Transafrik International
| IATA | ICAO | Call sign |
| PQ | TFK | — |
- Founded: 1984
- Fleet size: 3
- Headquarters: Fujairah, United Arab Emirates
- Website: transafrik.com

= Transafrik International =

Cargo airline based in Angola

Transafrik International is a cargo airline based in Angola with its offices in Fujairah, United Arab Emirates.

==History==
Transafrik has been in operation as a privately owned airline since 1984. Transafrik International was created initially to support the operation of Roan Selection Trust International - a diamond mining company. The diamond mining site is located in Cuango River, which is only reachable by C130 Hercules. They set up a short landing area in the site. Landmines planted by UNITA prevented the MAC truck from reaching the area, so Christian Rudolph G. Hellinger (CRGH), then President of RST International, created Transafrik International. CRGH is a German national born in Leipzig, East Germany.

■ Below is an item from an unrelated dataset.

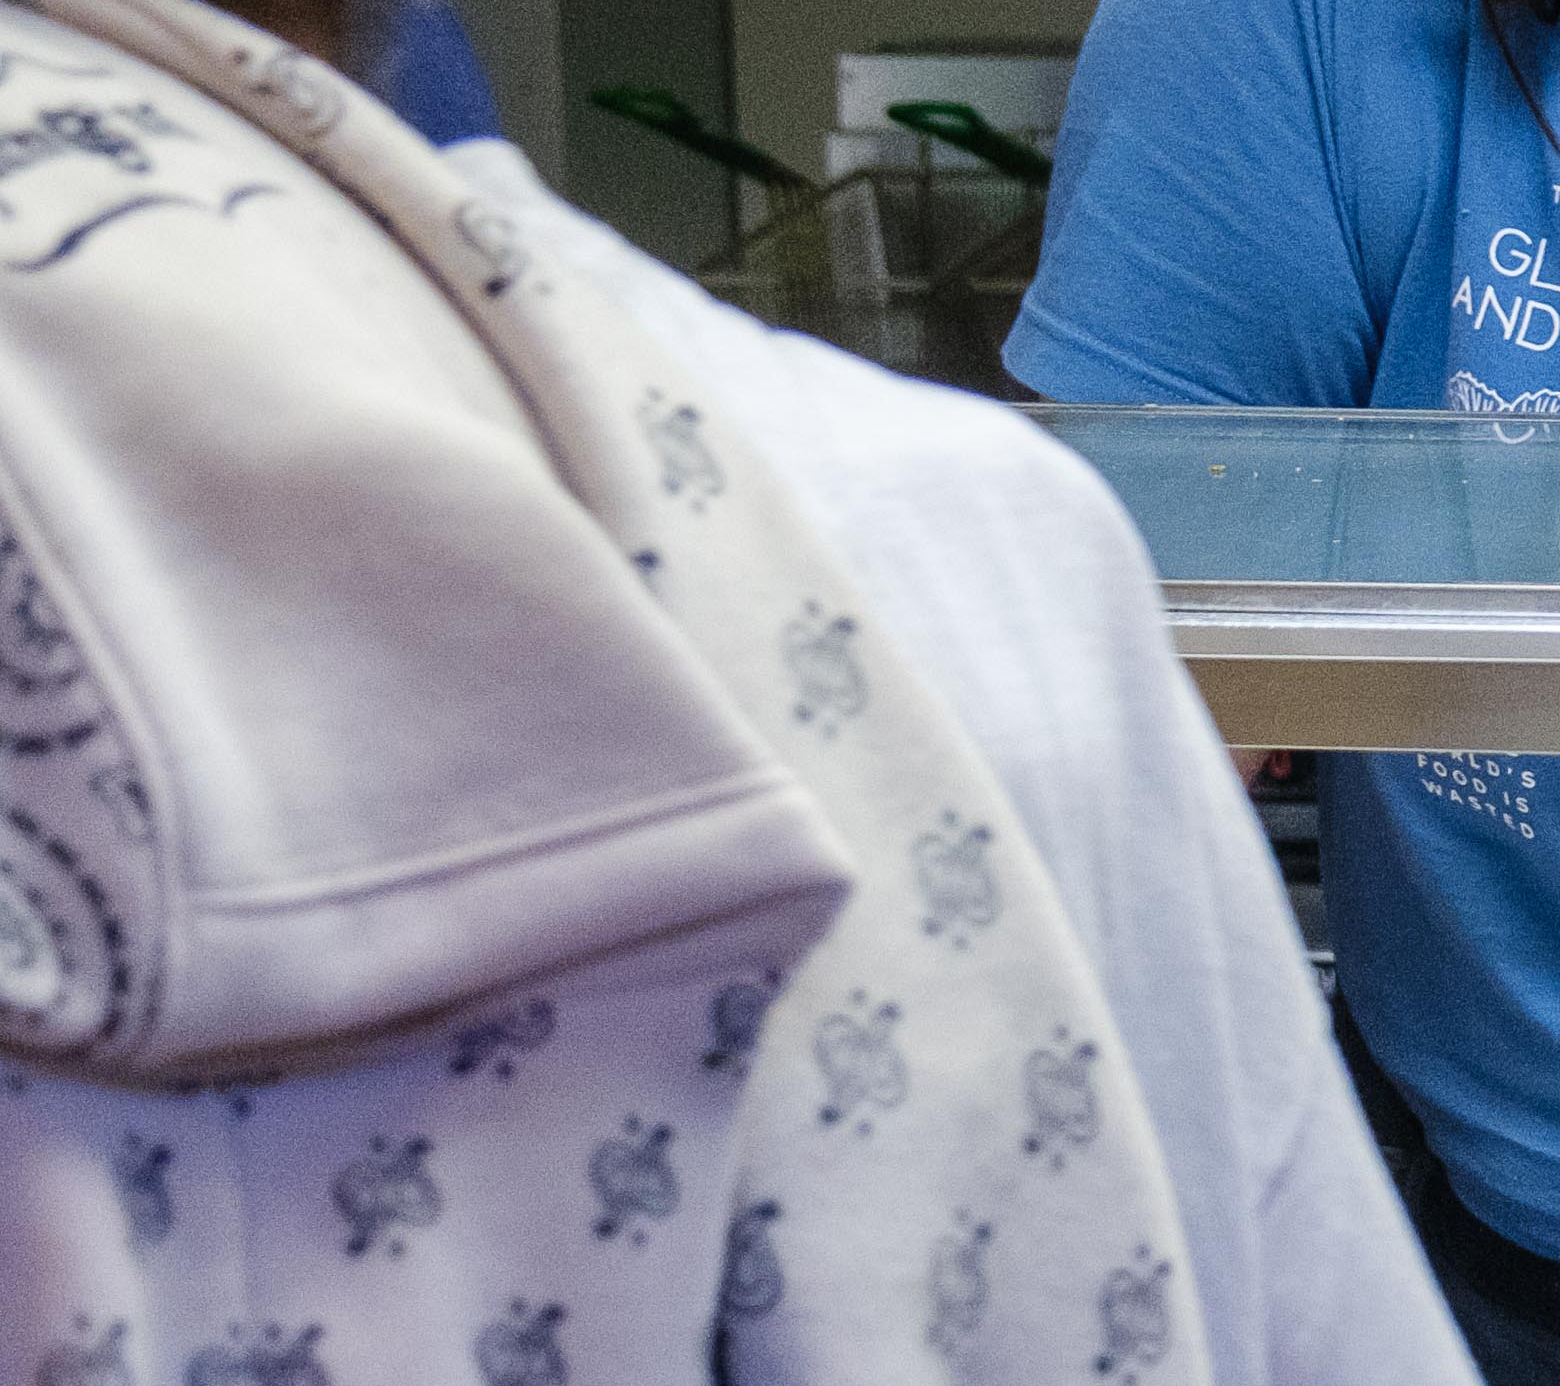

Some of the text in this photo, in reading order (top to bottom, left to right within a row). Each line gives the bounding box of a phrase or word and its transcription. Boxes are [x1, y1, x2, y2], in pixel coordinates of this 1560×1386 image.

It is a cargo airline, with airplane registration in the Republic of São Tomé e Príncipe, is currently working on contracts for the United Nations and has previously been on contract for the WFP (World Food Program) during the civil war in Angola for relief support. In 2006 Transafrik International was approached by the UN, which is its main contractor in Africa, to re-register the fleet to another nation for aviation safety reasons. Initial approaches were conducted to re-register the fleet from São Tomé e Príncipe (S9) to Uganda (5X). However until 2008 all airplanes are still registered in São Tomé e Príncipe.

==Destinations==
Transafrik operates freight charter flights within Africa for customers such as the United Nations and the International Committee of the Red Cross as well as other freight operators.

==Fleet==
===Current fleet===
The Transafrik International fleet comprises the following aircraft (as of August 2017):

Transafik International Fleet
| Aircraft | In service | Orders | Passengers | Notes |
|---|---|---|---|---|
| Boeing 727-100C | 1 | — | Cargo |  |
| Boeing 727-100F | 2 | — | Cargo |  |
| Total | 3 | — |  |  |

===Former aircraft===
The airline fleet previously included the following aircraft:
- 5 Lockheed L-100 Hercules
- 2 Douglas DC-8-32/33F

==Accidents and incidents==
- At least two L-100 aircraft leased to the UN were shot down over UNITA-controlled territory during the late 1990s.
- On October 12, 2010, Transafrik International Flight 662, a Lockheed L-100 Hercules registered in Uganda, crashed while trying to land at Kabul. The accident killed all eight crew.